→ Task
Restate the listing below word for word. No picture belongs in the result.

*** Opening Information provided ***

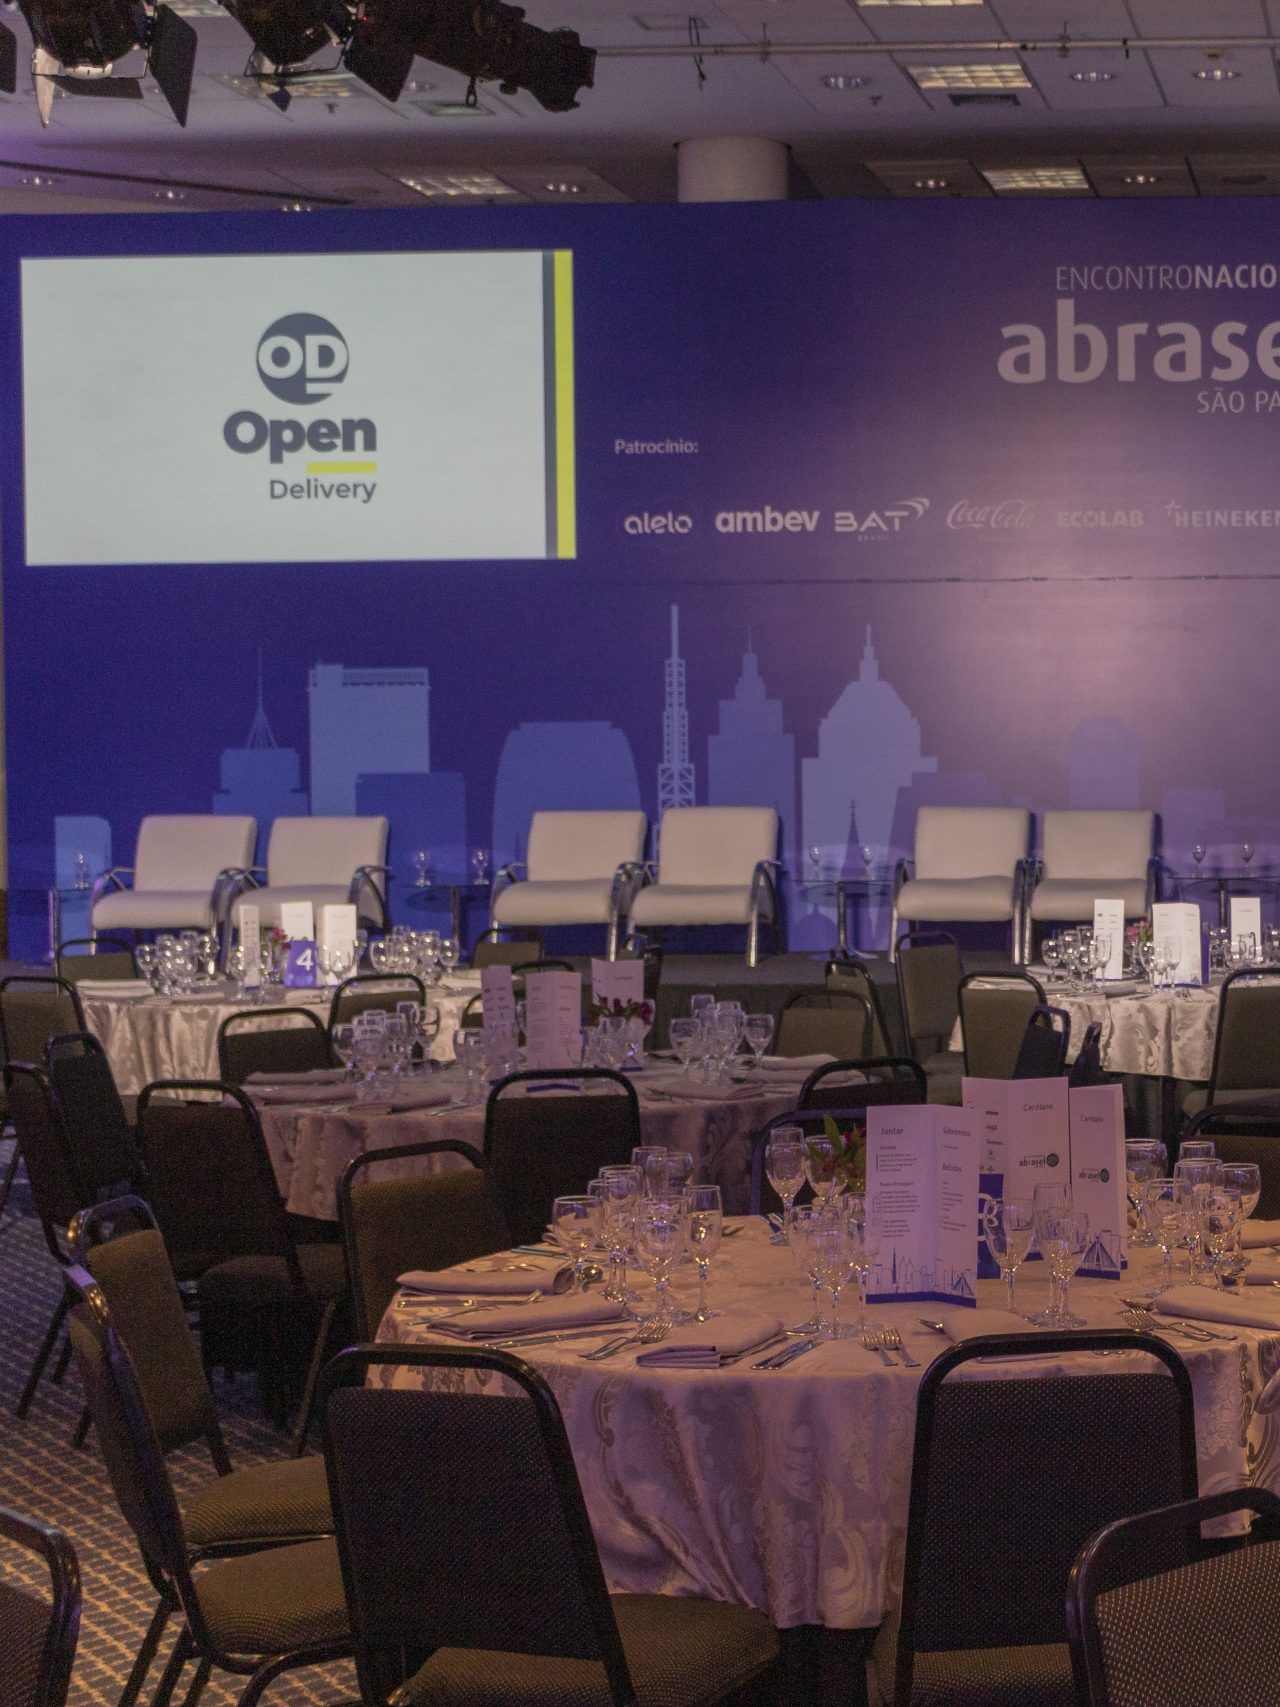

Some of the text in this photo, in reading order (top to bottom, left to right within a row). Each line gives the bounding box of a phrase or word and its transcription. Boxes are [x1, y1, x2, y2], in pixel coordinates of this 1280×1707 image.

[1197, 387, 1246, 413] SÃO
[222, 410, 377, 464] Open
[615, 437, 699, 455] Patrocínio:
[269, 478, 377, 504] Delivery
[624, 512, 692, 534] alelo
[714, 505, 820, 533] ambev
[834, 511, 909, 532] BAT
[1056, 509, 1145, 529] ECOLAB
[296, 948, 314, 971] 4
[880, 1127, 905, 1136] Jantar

*** Closing Information provided ***

→ Finished exercise
Some of the text in this photo, in reading order (top to bottom, left to right within a row). Each line gives the bounding box of a phrase or word and its transcription. Boxes are [x1, y1, x2, y2], in pixel coordinates of this 1280×1707 image.

[1197, 387, 1246, 413] SÃO
[222, 410, 377, 464] Open
[615, 437, 699, 455] Patrocínio:
[269, 478, 377, 504] Delivery
[624, 512, 692, 534] alelo
[714, 505, 820, 533] ambev
[834, 511, 909, 532] BAT
[1056, 509, 1145, 529] ECOLAB
[296, 948, 314, 971] 4
[880, 1127, 905, 1136] Jantar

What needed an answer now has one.